• [EXERCISE BRIEF] The answer must be an exact copy of the records below, with every picture left out.

• [INPUT DATA]
__________

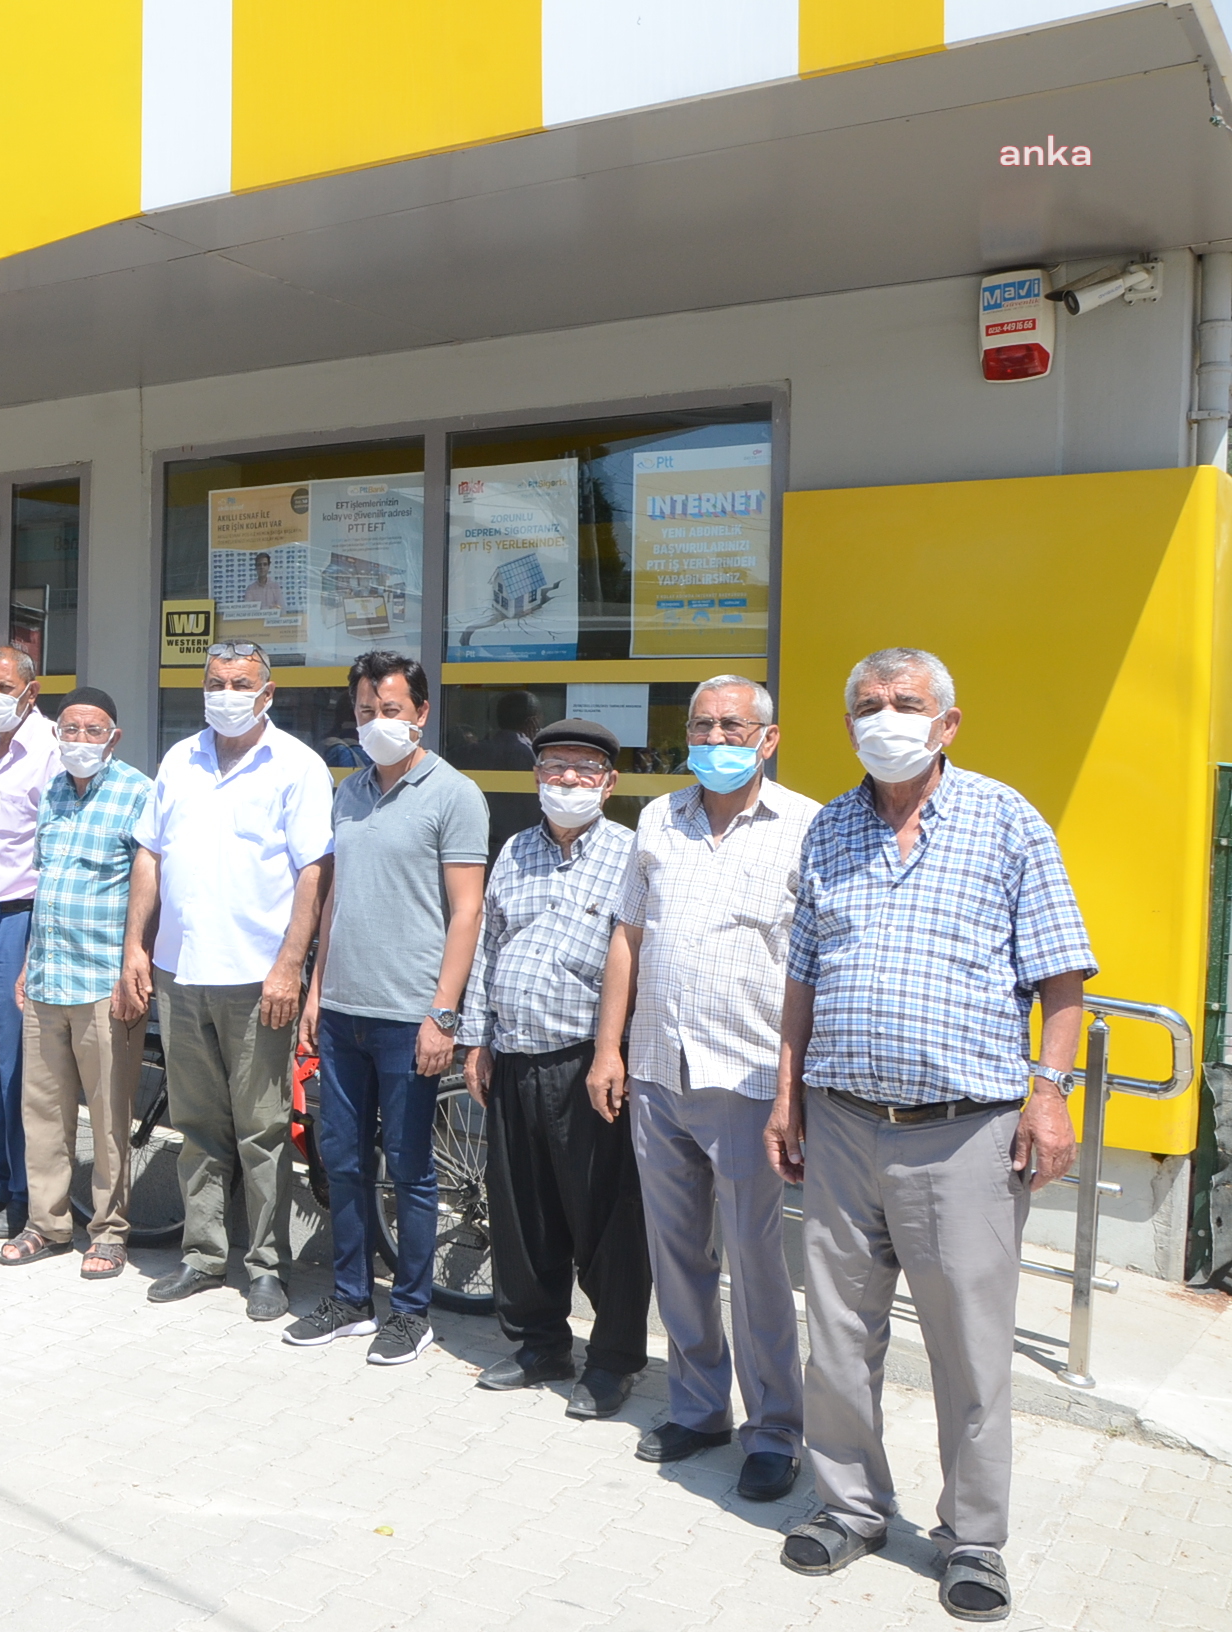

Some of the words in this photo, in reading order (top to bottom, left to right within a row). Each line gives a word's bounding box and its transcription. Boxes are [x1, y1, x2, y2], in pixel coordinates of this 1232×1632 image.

[983, 280, 1039, 307] Mavi
[656, 455, 674, 469] Ptt
[336, 501, 349, 510] EFT
[350, 498, 399, 511] işlemlerinizin
[647, 489, 764, 518] INTERNET
[217, 514, 238, 522] AKILLI
[239, 512, 259, 520] ESNAF
[260, 510, 270, 519] İLE
[322, 512, 342, 522] kolay
[353, 510, 387, 521] güvenilir
[387, 507, 412, 518] adresi
[490, 513, 533, 524] ZORUNLU
[231, 522, 245, 532] İŞİN
[246, 521, 268, 529] KOLAYI
[348, 523, 366, 533] PTT
[368, 521, 386, 532] EFT
[465, 528, 502, 538] DEPREM
[661, 527, 686, 539] YENİ
[688, 523, 743, 538] ABONELİK
[460, 541, 479, 552] PTT
[482, 538, 492, 553] İŞ
[495, 536, 565, 550] YERLERİNDE!
[653, 540, 751, 557] BAŞVURULARINIZI
[646, 560, 666, 571] PTT
[669, 558, 680, 573] İŞ
[682, 555, 758, 569] YERLERİNDEN
[168, 613, 206, 634] WU
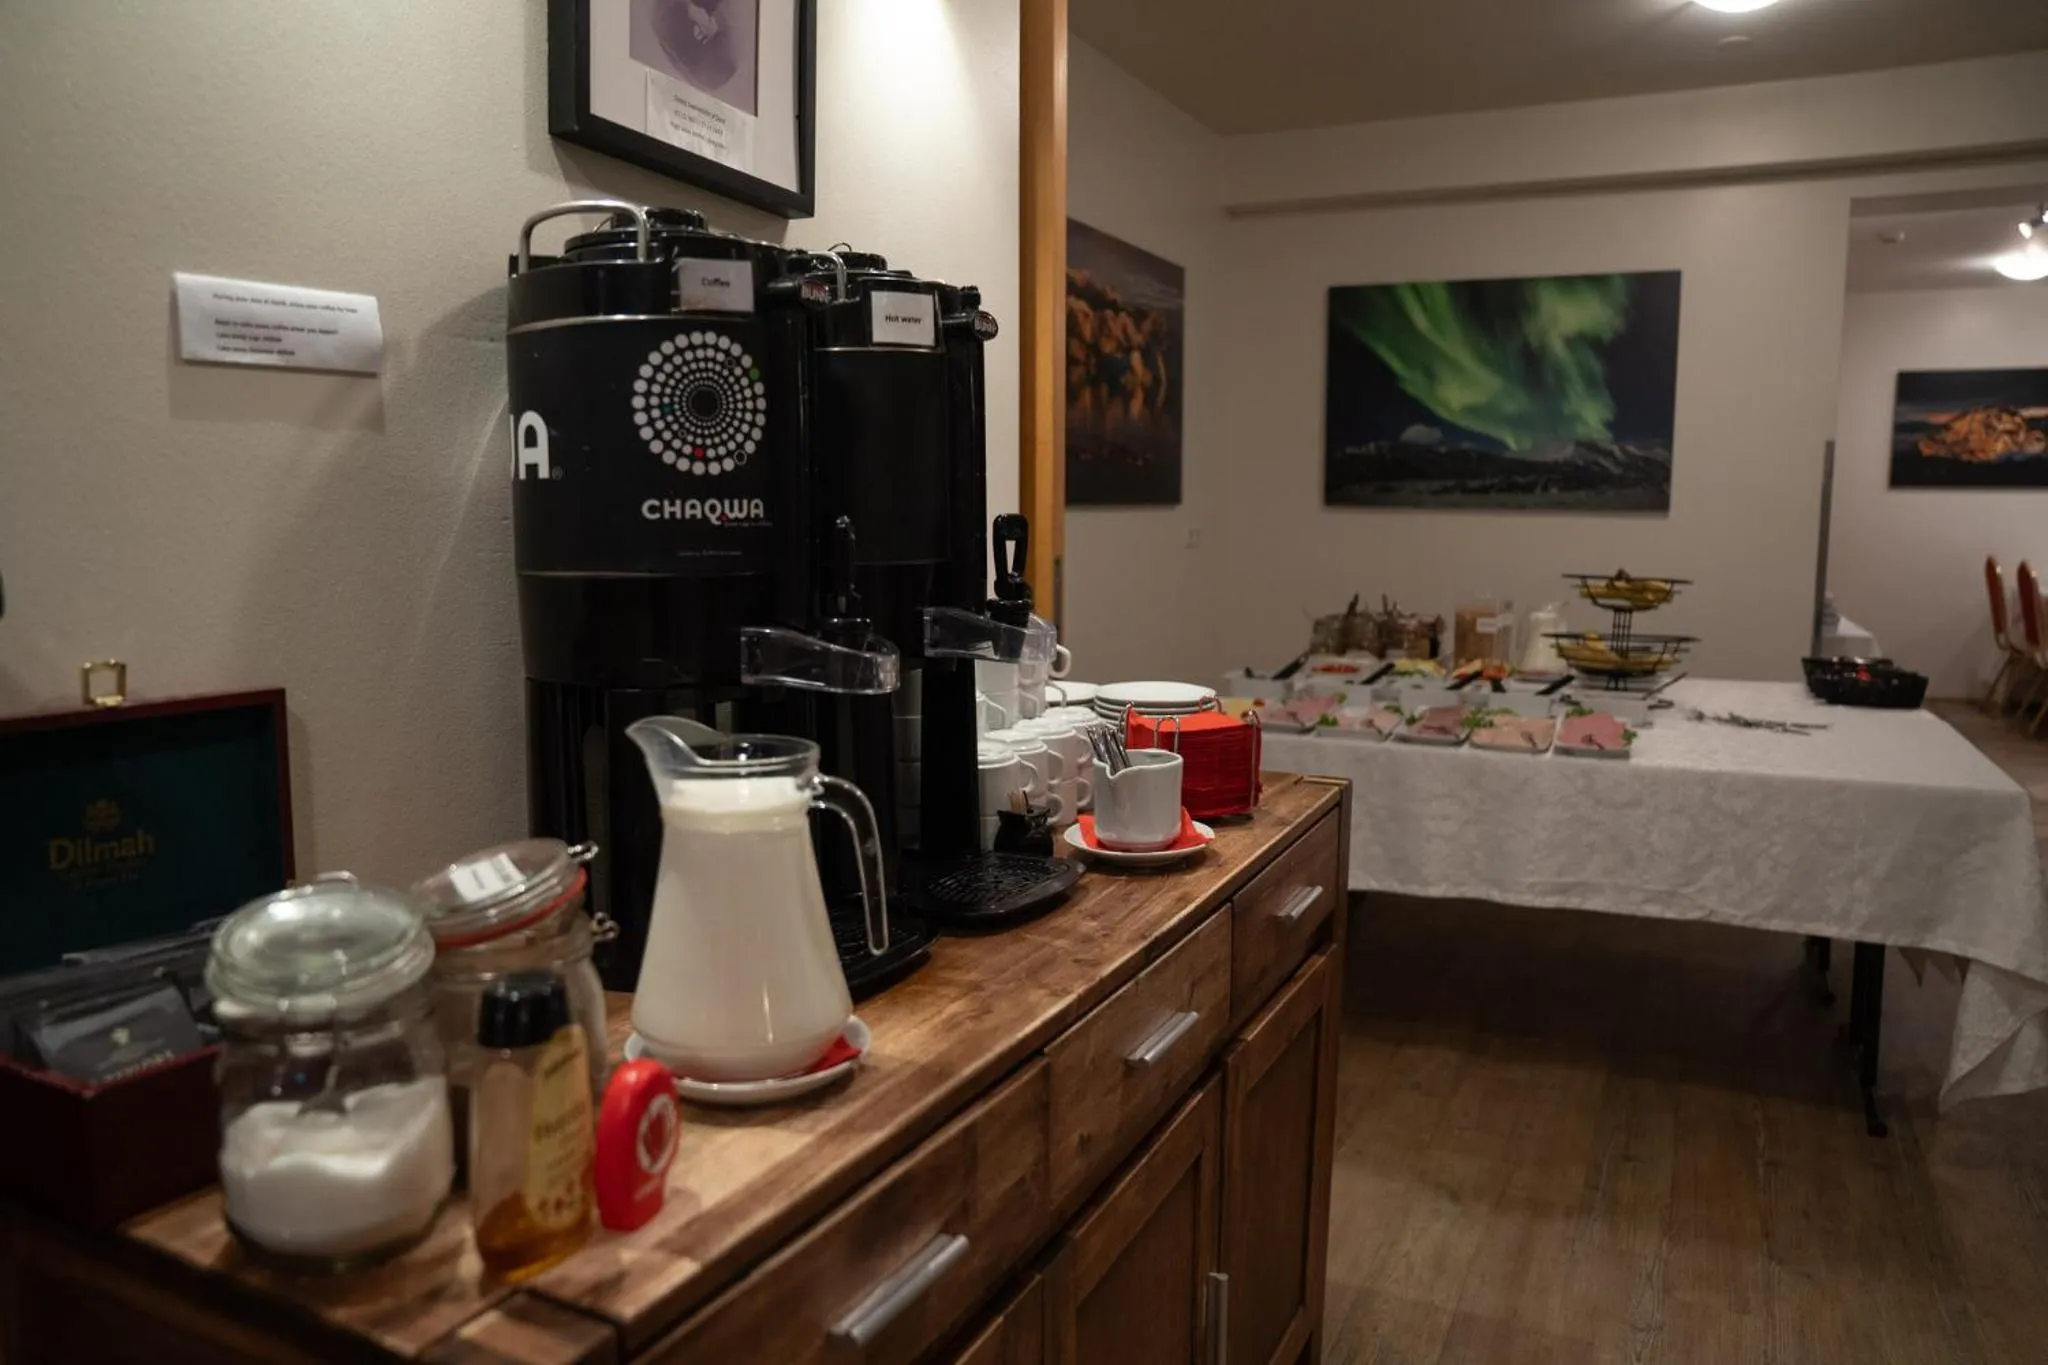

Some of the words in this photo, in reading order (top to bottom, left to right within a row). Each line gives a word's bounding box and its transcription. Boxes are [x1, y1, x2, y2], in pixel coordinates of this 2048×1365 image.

[701, 277, 731, 288] Coffee
[885, 313, 899, 323] Hot
[901, 315, 922, 325] water
[640, 497, 765, 525] CHAQWA
[48, 828, 156, 870] Dilmah

__________

• [THE COMPLETED TASK]
Some of the words in this photo, in reading order (top to bottom, left to right within a row). Each line gives a word's bounding box and its transcription. Boxes are [x1, y1, x2, y2], in pixel coordinates of this 1232×1632 image.

[983, 280, 1039, 307] Mavi
[656, 455, 674, 469] Ptt
[336, 501, 349, 510] EFT
[350, 498, 399, 511] işlemlerinizin
[647, 489, 764, 518] INTERNET
[217, 514, 238, 522] AKILLI
[239, 512, 259, 520] ESNAF
[260, 510, 270, 519] İLE
[322, 512, 342, 522] kolay
[353, 510, 387, 521] güvenilir
[387, 507, 412, 518] adresi
[490, 513, 533, 524] ZORUNLU
[231, 522, 245, 532] İŞİN
[246, 521, 268, 529] KOLAYI
[348, 523, 366, 533] PTT
[368, 521, 386, 532] EFT
[465, 528, 502, 538] DEPREM
[661, 527, 686, 539] YENİ
[688, 523, 743, 538] ABONELİK
[460, 541, 479, 552] PTT
[482, 538, 492, 553] İŞ
[495, 536, 565, 550] YERLERİNDE!
[653, 540, 751, 557] BAŞVURULARINIZI
[646, 560, 666, 571] PTT
[669, 558, 680, 573] İŞ
[682, 555, 758, 569] YERLERİNDEN
[168, 613, 206, 634] WU

Some of the words in this photo, in reading order (top to bottom, left to right within a row). Each line gives a word's bounding box and its transcription. Boxes are [x1, y1, x2, y2], in pixel coordinates of this 2048×1365 image.

[701, 277, 731, 288] Coffee
[885, 313, 899, 323] Hot
[901, 315, 922, 325] water
[640, 497, 765, 525] CHAQWA
[48, 828, 156, 870] Dilmah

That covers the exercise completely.